The life bit sounds about right to me : )
Anyways… you’re work is always interesting, enlightening, and enjoyable. Keep on keepin’ on.
Thank you! Your response is funny. Especially that it seems like I’m trolling. Oh, I often do… :D But not now. (And the following response got a little too long, sorry. It’s also not totally directed at you; just general, if anybody feels like reading.)
You never know how something will be taken when you write it, although you can do your best with tone and so on. It wasn’t intended to sound negative or even depressing. Especially the part about art being pointless. I mean that in the most sincere, “factual”, dry way — that’s what makes Art: its “uselessness”.
Art is not design, it’s not commercial, it’s not utilitarian. It must be free. That’s what separates “fine” art from “low brow”, easily-marketable stuff like Pop Surrealism, illustration, and vinyl toys. (Not that any of these are bad, but they are not necessarily, always Capital-A-Art.) At least, ideally. We all know the reality of the art world is different, and it’s a total commodity. A sham even, depending on the situation.
But as for art “vs” science:
I always created art because that’s kind of all I knew. I felt that I had to do it; sometimes not only for myself, but also to perpetuate an image, and/or due to others’ encouragement. I felt bad if I “wasn’t inspired” and couldn’t make. And it wasn’t always so romantic: sometimes it was all about money. I’ll be damned if I didn’t recognize early on that I was good at something and didn’t want to offer quality work for naught.
But mostly, it’s not something I can ever part with. “Ideal Art” is one of the only things in this world (that I know of) that offers a true mode of exploration, past anything we can do in other fields. And science needs that.

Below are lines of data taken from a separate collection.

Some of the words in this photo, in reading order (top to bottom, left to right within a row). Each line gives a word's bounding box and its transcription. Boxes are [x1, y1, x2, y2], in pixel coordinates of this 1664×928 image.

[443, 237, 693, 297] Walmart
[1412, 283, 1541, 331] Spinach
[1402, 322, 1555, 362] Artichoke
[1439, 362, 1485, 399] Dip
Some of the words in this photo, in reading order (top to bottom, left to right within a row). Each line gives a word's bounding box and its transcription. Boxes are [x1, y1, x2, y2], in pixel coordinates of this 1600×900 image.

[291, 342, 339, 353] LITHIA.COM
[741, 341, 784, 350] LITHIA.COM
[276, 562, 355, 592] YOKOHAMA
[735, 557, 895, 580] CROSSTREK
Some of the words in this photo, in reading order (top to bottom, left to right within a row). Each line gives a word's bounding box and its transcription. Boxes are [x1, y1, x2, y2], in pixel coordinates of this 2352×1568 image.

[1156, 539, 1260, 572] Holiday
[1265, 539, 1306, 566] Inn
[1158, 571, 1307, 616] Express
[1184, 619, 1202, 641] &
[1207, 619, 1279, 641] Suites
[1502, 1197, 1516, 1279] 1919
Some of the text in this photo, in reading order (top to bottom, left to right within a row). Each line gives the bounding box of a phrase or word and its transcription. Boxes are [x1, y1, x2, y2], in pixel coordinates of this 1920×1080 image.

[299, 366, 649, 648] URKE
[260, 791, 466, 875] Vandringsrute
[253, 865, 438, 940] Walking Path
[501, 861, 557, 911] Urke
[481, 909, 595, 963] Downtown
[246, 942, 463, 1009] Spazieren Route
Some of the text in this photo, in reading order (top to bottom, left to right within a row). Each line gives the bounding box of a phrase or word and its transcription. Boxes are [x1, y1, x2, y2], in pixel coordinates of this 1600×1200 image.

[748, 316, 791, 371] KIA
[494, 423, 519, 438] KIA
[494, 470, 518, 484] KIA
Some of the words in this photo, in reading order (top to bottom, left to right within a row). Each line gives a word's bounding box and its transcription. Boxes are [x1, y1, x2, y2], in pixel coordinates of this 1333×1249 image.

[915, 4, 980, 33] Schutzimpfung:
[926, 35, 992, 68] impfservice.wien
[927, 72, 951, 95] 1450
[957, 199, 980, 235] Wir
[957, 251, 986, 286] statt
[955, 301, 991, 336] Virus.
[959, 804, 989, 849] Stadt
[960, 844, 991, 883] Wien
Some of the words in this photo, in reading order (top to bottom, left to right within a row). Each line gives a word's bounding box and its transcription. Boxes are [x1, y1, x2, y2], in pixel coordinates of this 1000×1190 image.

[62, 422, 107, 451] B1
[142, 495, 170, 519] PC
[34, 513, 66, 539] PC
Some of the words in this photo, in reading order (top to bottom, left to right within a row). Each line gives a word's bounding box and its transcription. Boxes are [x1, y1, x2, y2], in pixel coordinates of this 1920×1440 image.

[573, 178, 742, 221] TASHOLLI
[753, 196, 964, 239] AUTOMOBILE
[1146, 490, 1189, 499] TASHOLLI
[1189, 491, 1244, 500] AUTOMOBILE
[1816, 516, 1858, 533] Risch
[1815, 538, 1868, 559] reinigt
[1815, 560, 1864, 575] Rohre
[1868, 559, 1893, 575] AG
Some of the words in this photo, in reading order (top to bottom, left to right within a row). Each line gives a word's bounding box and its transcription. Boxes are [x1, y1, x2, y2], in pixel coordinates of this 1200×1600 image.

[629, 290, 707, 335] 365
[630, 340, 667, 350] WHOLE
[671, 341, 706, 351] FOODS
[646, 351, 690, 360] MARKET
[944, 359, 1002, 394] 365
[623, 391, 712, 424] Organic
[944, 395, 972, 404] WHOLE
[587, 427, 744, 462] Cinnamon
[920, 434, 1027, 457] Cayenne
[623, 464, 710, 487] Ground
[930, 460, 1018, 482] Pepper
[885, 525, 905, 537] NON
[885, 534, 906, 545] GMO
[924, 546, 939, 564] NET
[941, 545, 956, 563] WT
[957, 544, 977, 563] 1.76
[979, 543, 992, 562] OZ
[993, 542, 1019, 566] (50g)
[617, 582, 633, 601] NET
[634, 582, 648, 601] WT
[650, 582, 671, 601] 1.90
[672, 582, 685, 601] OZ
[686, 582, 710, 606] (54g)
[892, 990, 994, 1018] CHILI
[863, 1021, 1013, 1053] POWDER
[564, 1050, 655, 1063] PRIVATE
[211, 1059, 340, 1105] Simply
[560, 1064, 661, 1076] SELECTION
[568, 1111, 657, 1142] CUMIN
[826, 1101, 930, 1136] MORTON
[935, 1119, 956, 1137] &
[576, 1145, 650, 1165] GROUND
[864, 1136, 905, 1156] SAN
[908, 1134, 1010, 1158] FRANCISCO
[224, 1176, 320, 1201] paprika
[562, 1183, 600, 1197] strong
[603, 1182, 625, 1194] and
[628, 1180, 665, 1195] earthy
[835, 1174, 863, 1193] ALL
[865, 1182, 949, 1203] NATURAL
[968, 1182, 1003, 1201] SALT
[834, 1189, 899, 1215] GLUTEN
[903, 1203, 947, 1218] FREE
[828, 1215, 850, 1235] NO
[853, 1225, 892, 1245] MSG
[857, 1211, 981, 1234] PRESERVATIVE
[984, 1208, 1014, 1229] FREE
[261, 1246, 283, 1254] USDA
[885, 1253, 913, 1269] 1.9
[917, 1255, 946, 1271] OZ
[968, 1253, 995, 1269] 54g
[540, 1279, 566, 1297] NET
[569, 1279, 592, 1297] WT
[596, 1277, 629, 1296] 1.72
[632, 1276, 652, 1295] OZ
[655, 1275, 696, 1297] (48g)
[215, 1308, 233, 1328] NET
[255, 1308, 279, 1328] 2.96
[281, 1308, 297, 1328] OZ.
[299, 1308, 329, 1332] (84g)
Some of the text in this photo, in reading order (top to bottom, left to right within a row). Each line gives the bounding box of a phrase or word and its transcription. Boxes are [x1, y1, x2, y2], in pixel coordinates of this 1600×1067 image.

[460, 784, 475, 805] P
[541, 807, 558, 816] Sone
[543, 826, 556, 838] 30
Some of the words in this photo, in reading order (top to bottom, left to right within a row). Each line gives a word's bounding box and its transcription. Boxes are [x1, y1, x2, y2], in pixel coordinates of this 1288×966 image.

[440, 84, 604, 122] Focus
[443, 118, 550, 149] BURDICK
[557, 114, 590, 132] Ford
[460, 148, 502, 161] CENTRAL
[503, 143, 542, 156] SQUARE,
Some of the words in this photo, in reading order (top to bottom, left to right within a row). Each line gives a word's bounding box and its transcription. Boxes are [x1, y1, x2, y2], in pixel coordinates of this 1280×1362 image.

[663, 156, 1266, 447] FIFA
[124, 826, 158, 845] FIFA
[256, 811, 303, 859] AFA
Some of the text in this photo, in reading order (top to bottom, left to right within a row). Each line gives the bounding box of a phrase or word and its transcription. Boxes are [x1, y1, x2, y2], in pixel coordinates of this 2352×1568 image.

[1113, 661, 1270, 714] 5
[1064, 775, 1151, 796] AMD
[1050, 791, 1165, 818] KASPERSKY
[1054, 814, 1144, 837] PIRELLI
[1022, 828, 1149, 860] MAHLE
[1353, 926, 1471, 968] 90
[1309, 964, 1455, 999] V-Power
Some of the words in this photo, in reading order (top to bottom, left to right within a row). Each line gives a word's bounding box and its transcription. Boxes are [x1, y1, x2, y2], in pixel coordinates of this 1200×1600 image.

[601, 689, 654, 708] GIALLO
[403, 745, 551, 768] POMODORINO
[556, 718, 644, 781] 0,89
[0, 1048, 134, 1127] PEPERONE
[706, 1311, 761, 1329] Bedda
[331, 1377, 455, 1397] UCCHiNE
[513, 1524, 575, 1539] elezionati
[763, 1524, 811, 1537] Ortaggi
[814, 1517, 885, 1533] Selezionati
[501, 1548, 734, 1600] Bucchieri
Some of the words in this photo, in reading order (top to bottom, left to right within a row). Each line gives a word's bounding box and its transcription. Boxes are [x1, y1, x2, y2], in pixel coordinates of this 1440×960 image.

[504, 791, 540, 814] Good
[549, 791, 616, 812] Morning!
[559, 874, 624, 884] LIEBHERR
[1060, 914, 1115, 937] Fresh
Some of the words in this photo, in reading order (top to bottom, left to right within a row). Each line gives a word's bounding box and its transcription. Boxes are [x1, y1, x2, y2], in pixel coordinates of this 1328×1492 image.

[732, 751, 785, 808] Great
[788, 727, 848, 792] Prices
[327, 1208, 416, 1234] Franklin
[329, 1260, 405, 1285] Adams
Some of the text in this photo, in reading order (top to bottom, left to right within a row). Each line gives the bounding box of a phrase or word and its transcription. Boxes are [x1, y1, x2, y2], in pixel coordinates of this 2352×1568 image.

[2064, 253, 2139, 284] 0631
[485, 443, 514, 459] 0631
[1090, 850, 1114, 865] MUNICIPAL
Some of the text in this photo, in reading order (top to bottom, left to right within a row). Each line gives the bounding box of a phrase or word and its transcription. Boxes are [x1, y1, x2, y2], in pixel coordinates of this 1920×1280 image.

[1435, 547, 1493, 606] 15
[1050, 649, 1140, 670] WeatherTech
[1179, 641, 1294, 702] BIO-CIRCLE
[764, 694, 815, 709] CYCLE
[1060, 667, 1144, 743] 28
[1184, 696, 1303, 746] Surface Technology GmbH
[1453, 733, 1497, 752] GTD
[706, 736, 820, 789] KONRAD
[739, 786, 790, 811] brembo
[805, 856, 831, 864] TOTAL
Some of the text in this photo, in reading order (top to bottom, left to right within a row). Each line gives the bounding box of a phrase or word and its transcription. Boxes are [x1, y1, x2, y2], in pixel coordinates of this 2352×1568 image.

This is always something I struggle to explain: the merge of art and science. It’s not about expression, it’s not about “art drawing inspiration from science”. (I really hate the idea and presumptuousness of the latter.) It is like living (hard) science fiction: taking what we know about the natural world and running with it, in a way that we cannot do in science/tech fields because they’re too focused on Products and Practicality. (Have you heard/seen the comments after a new discovery is made? “Oh but what can we DO with it? Can we SELL it?”) Art is wonderfully impractical, it doesn’t need to “work”, thus it offers avenues to test the ridiculous, the far-out, the futurist, the truly sci-fi.
But about science:
It has this connotation for people that it’s like any other subject that one learns in school and “you need it for jobs”. But it stemmed from the most vital questions we’ve ever had about life itself. When I talk about science, I mean Nature. It’s inescapable. To think one could continue through life without learning about that… I don’t understand. Call me undemocratic, but I really don’t think it’s up for debate. How can someone ignore everything that surrounds them, that makes up their very being? And yet we’re encouraged to only think about the world as we’ve made it: pants, phone, bank, celebrities, whatever. It can even be seen as negative: “nerdy”.
What I mean to say is, it’s not a hobby, nor a passing phase. It can’t be, and it can’t be forgotten: it’s too important. Even Art — despite a strong relationship with and propensity towards it — is something I can put down, because it’s not, literally, essential. It’s not basic. It figures highly in human history, but outside of us? Eh.
Anyway… “I ‘used’ to be an artist”. Well, I joke. Sort of. But it honestly feels that way sometimes. I don’t know what I’m doing. I don’t do it anymore, despite that being my strongest skill-set, so far. So what kind of thing is it to say “I’m an artist” if all I have to show for it is sketchbooks filled with math homework and hopes and dreams? Pretentious, or just silly?